Alarm fatigue has gotten a lot of press over the past few years, but it’s not the only dangerous alarm-related issue facing hospitals. A lesser-known condition is finally getting some much needed attention. It’s called “auditory masking,” and like its cousin, alarm fatigue, it threatens the safety of patients and the sanity of the nursing teams who care for them.

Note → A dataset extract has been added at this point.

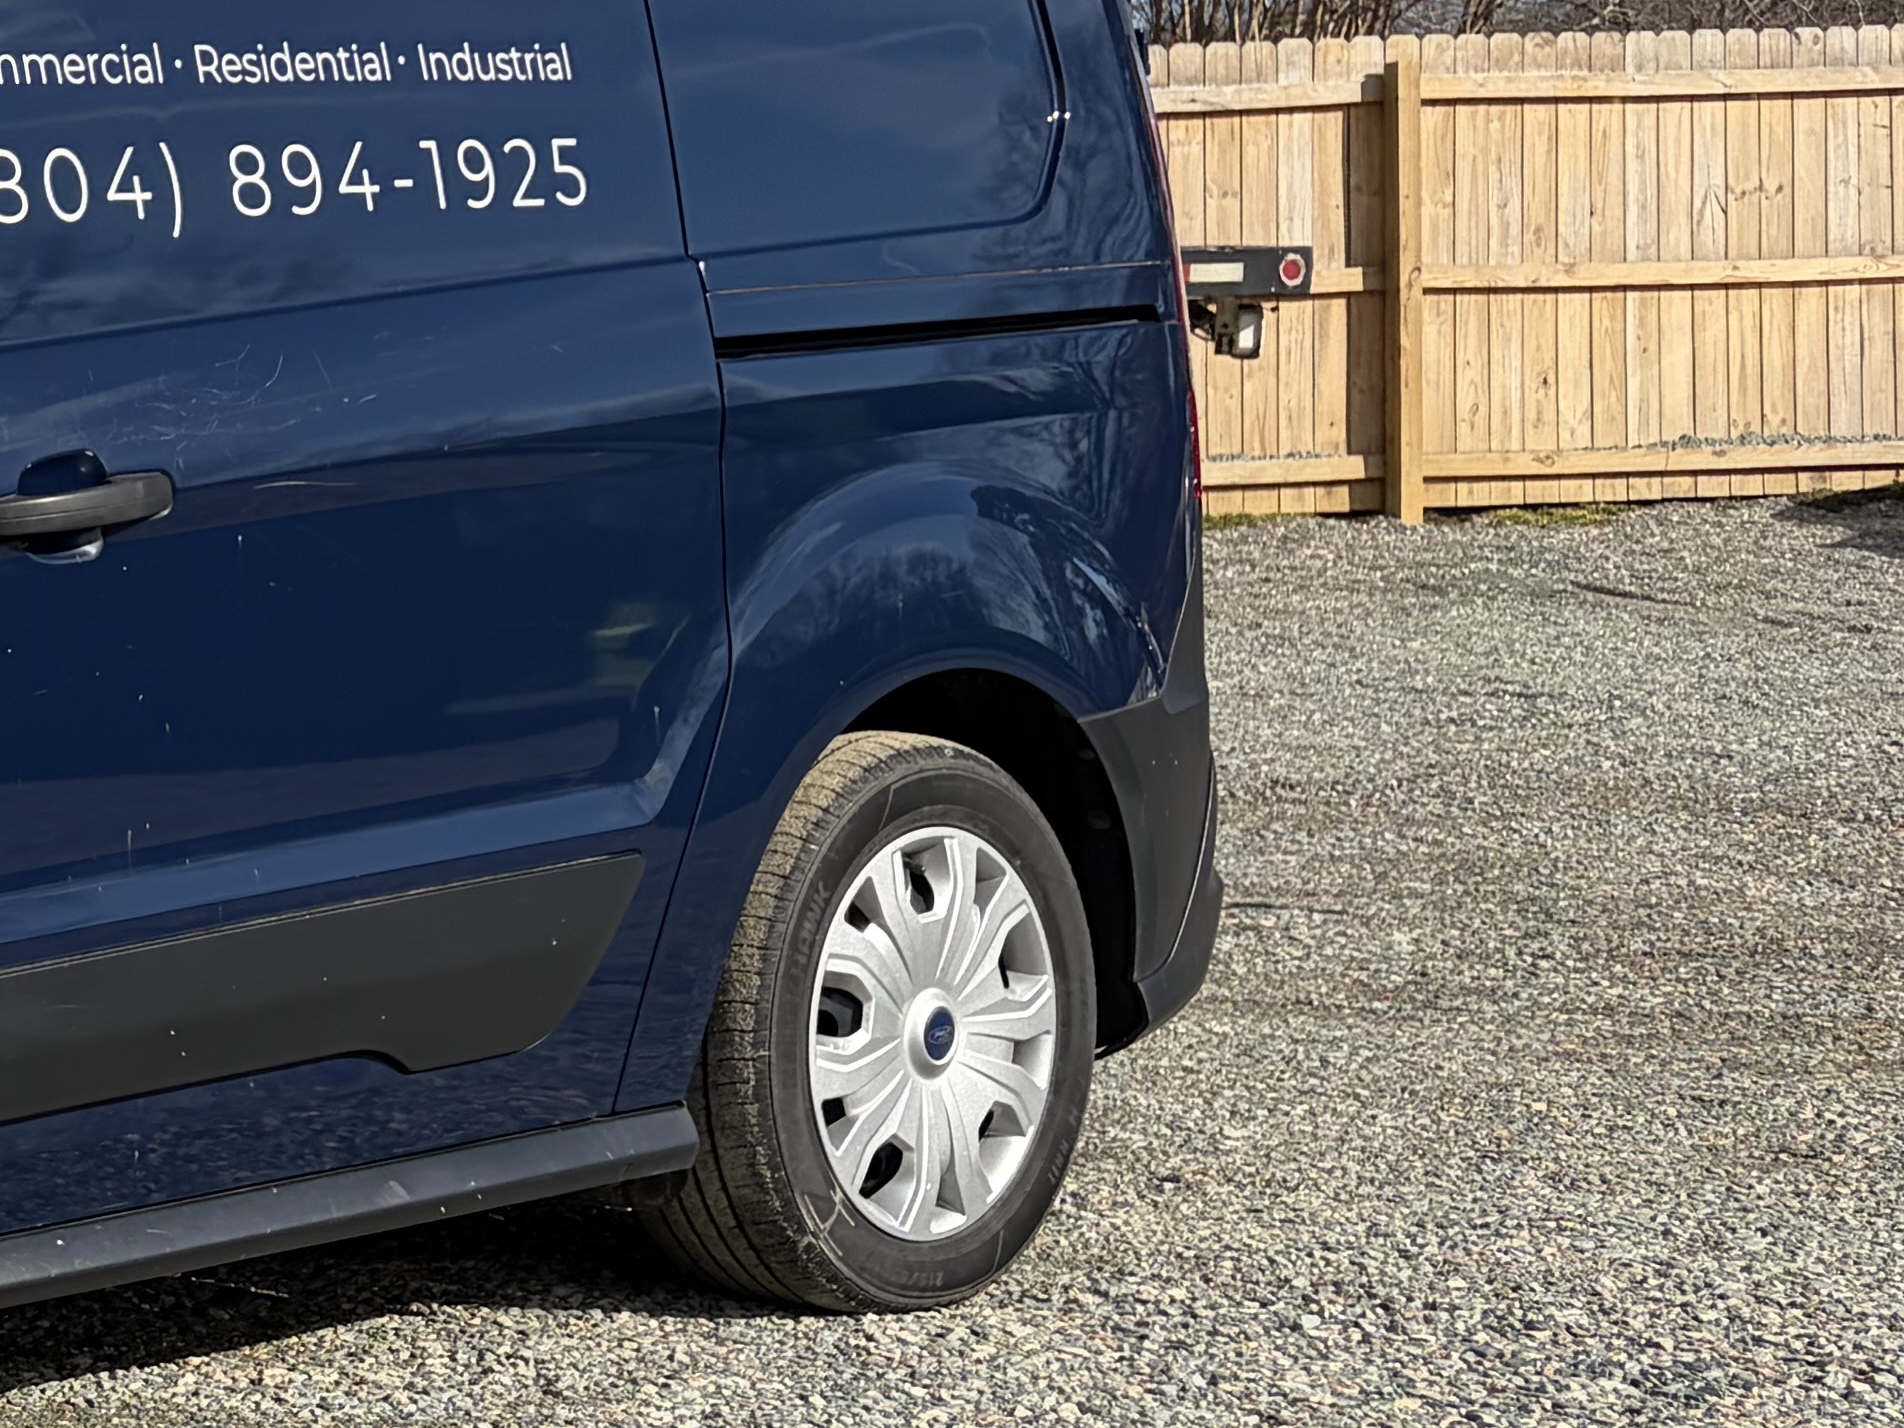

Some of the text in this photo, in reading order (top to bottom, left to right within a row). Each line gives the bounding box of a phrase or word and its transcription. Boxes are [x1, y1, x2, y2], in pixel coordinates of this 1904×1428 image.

[193, 41, 392, 84] Residential
[417, 41, 572, 82] Industrial
[229, 137, 587, 217] 894-1925

In a nutshell, auditory masking occurs when people cannot discern a specific sound (alarm) due to the constant presence of a second sound or multiple sounds (the beeps and bells associated with various patient monitoring devices). Until recently, it has been difficult to detect, but a new algorithm for pinpointing the presence of auditory masking holds great promise for ushering the standard for patient alarm systems into the 21st century.
Andrew Boyd, Assistant Professor of Biomedical and Health Information Sciences at the University of Illinois at Chicago, is part of the team that was recently awarded a research grant to work with the developers of IEC 60601-1-8—the international standard for patient alarm systems in hospitals—to improve the standard based on new data and research. Perhaps most notably, emphasis will be placed on decreasing the likelihood of “auditory masking” in future patient monitoring equipment.
The original IEC standard was created with good intentions—to help make important or emergency patient alarms discernible from the dozens of other sounds in a hospital setting. What many caregivers, patients and even providers don’t know is that all hospital alarms are required to meet this standard. Consequently, all manufacturers and device makers design their alarm systems for hospitals based on the standard and its melodies. More and more, we’re discovering that this acoustic-dependent system leads to sensory overload for clinicians and nurses due to the constant presence of multiple beeps and alarms in hospitals. Alarms become indiscernible over time. Enter “auditory masking” and alarm fatigue.
Regardless of how flawed the technology or the alarm system may be, nurses today are held responsible for missing patient alarms. What’s worse, the manufacturers of legacy patient alarm systems have little to no incentive to improve their existing alarm systems because they still meet a standard that was set many years ago, before we knew what we know today about auditory masking and the drawbacks of an antiquated, highly subjective system.
The bottom line, as Dr. Boyd put it, is that the system is still setting up our health professionals to fail. We agree. That is why Amplion’s alarm management capabilities were developed in a completely new way, with clinicians, nurses and ease of use in the forefront. Our system doesn’t rely on melodious sounds to alert nurses. When alarms sound, nurses get messages sent directly to their phones. Masking becomes a non-issue, and the precision with which staff can respond to alarms enables a patient care system that is safer, more effective and more measurable.
We understand what’s at stake with a missed alarm, and we’re looking forward to the changes in standards for alarm systems that Dr. Boyd’s research will bring.